Point 5, although the details about NBD_CLIENT_CONNECTING_NOWAIT are
hidden beneath the helper functions used here.

> @@ -411,29 +319,22 @@ int coroutine_fn 
> nbd_co_do_establish_connection(BlockDriverState *bs,
>      return 0;
>  }
>  
> +/* called under s->send_mutex */
>  static coroutine_fn void nbd_reconnect_attempt(BDRVNBDState *s)
>  {
> -    if (!nbd_client_connecting(s)) {
> -        return;
> -    }
> +    assert(nbd_client_connecting(s));
> +    assert(s->in_flight == 0);
>  
> -    /* Wait for completion of all in-flight requests */
> -
> -    qemu_co_mutex_lock(&s->send_mutex);
> -
> -    while (s->in_flight > 0) {
> -        qemu_co_mutex_unlock(&s->send_mutex);
> -        nbd_recv_coroutines_wake(s, true);
> -        s->wait_in_flight = true;
> -        qemu_coroutine_yield();
> -        s->wait_in_flight = false;
> -        qemu_co_mutex_lock(&s->send_mutex);
> -    }
> -
> -    qemu_co_mutex_unlock(&s->send_mutex);
> -
> -    if (!nbd_client_connecting(s)) {
> -        return;
> +    if (nbd_client_connecting_wait(s) && s->reconnect_delay &&
> +        !s->reconnect_delay_timer)
> +    {
> +        /*
> +         * It's first reconnect attempt after switching to
> +         * NBD_CLIENT_CONNECTING_WAIT
> +         */
> +        reconnect_delay_timer_init(s,
> +            qemu_clock_get_ns(QEMU_CLOCK_REALTIME) +
> +            s->reconnect_delay * NANOSECONDS_PER_SECOND);
>      }
>  
>      /*

Matches point 6.

> @@ -453,135 +354,79 @@ static coroutine_fn void 
> nbd_reconnect_attempt(BDRVNBDState *s)
>      nbd_co_do_establish_connection(s->bs, NULL);
>  }
>  
> -static coroutine_fn void nbd_co_reconnect_loop(BDRVNBDState *s)
> +static coroutine_fn int nbd_receive_replies(BDRVNBDState *s, uint64_t handle)

The diff gets a bit harder to read at this point (deleting one
function, renaming another, but portions get interleaved in), but it's
not impossible.

>  {
> -    uint64_t timeout = 1 * NANOSECONDS_PER_SECOND;
> -    uint64_t max_timeout = 16 * NANOSECONDS_PER_SECOND;
> +    int ret;
> +    uint64_t ind = HANDLE_TO_INDEX(s, handle), ind2;
> +    QEMU_LOCK_GUARD(&s->receive_mutex);
>  
> -    if (qatomic_load_acquire(&s->state) == NBD_CLIENT_CONNECTING_WAIT) {
> -        reconnect_delay_timer_init(s, qemu_clock_get_ns(QEMU_CLOCK_REALTIME) 
> +
> -                                   s->reconnect_delay * 
> NANOSECONDS_PER_SECOND);
> -    }
> -
> -    nbd_reconnect_attempt(s);
> -
> -    while (nbd_client_connecting(s)) {
> -        if (s->drained) {
> -            bdrv_dec_in_flight(s->bs);
> -            s->wait_drained_end = true;
> -            while (s->drained) {
> -                /*
> -                 * We may be entered once from 
> nbd_client_attach_aio_context_bh
> -                 * and then from nbd_client_co_drain_end.

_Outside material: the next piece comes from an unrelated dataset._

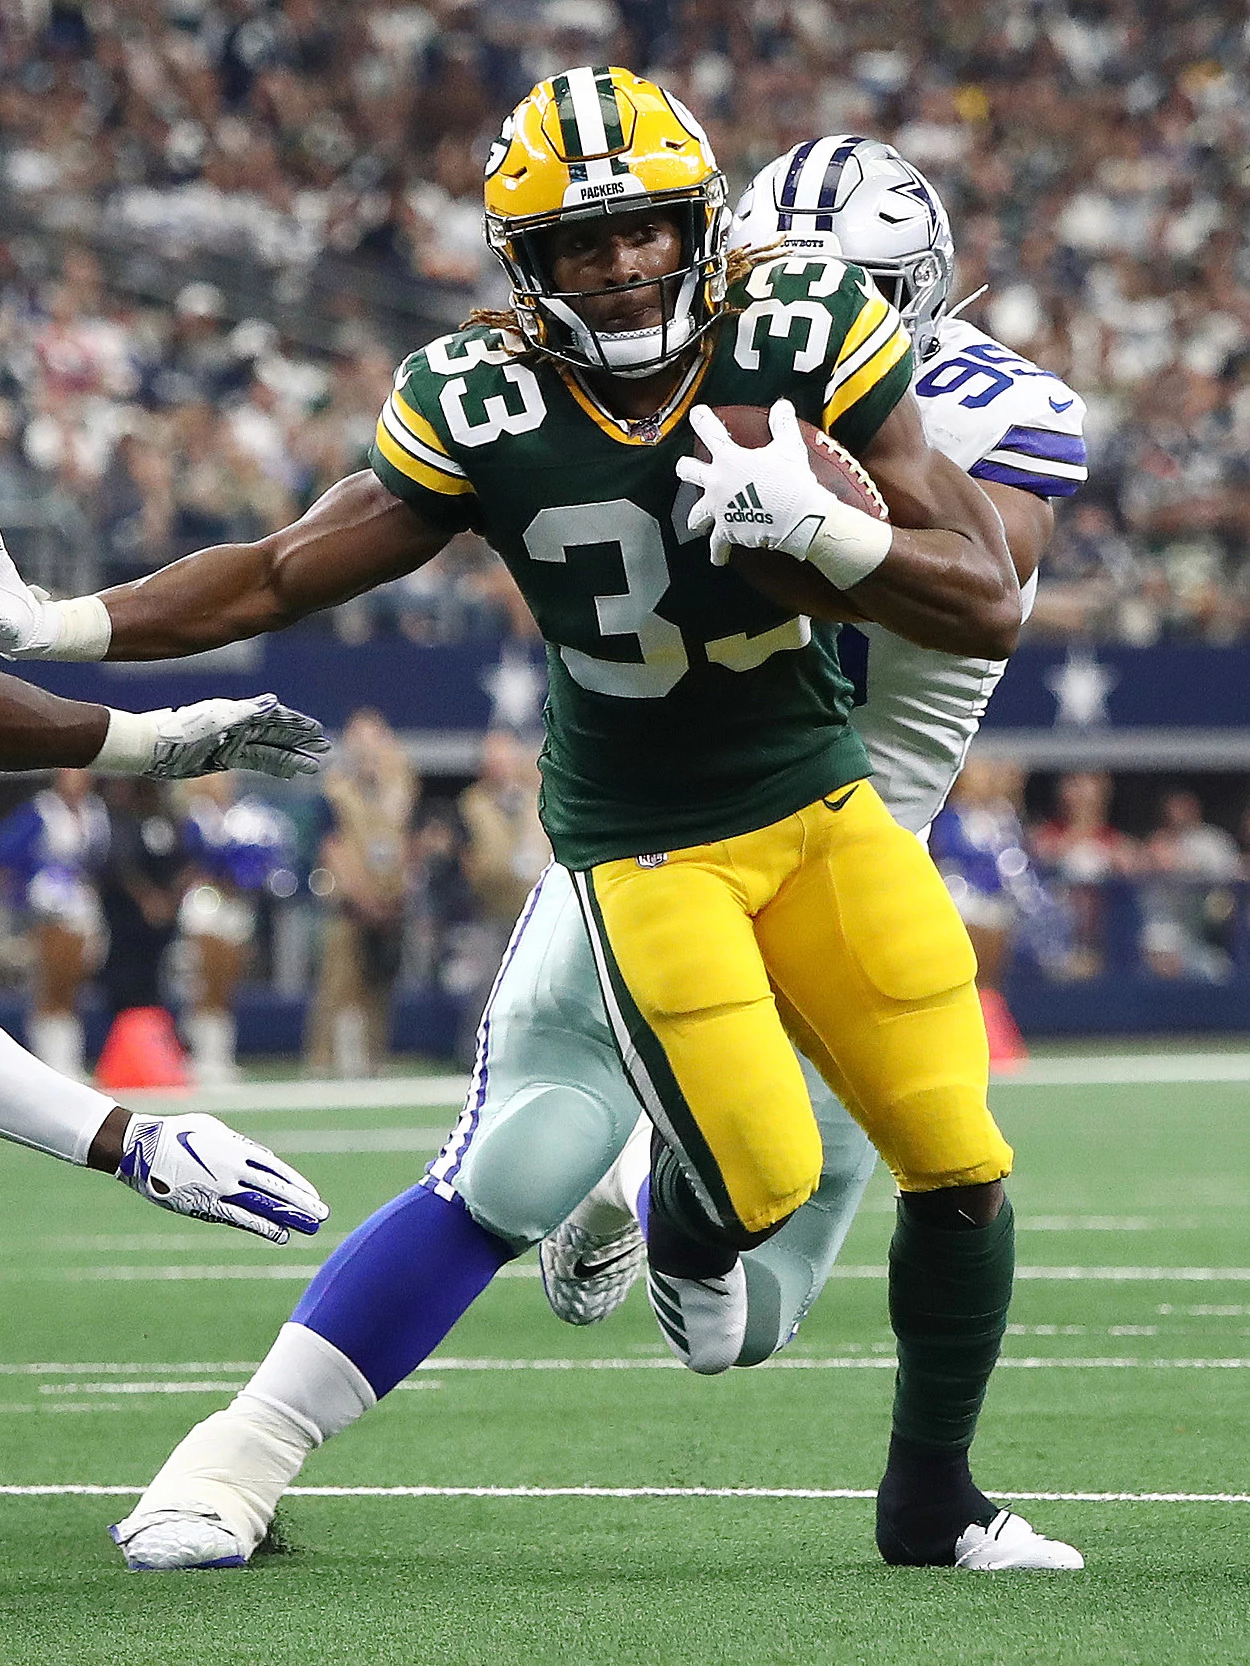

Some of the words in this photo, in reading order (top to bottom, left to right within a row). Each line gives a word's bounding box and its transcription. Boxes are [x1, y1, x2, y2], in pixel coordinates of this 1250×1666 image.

So here is a loop.
> -                 */
> -                qemu_coroutine_yield();
> -            }
> -            bdrv_inc_in_flight(s->bs);
> -        } else {
> -            qemu_co_sleep_ns_wakeable(&s->reconnect_sleep,
> -                                      QEMU_CLOCK_REALTIME, timeout);
> -            if (s->drained) {
> -                continue;
> -            }
> -            if (timeout < max_timeout) {
> -                timeout *= 2;
> -            }

The deletion of nbd_co_reconnect_loop matches point 7.

> +    while (true) {
> +        if (s->reply.handle == handle) {
> +            /* We are done */
> +            return 0;
>          }
>  
> -        nbd_reconnect_attempt(s);
> -    }
> -
> -    reconnect_delay_timer_del(s);
> -}
> +        if (!nbd_client_connected(s)) {
> +            return -EIO;
> +        }
>  
> -static coroutine_fn void nbd_connection_entry(void *opaque)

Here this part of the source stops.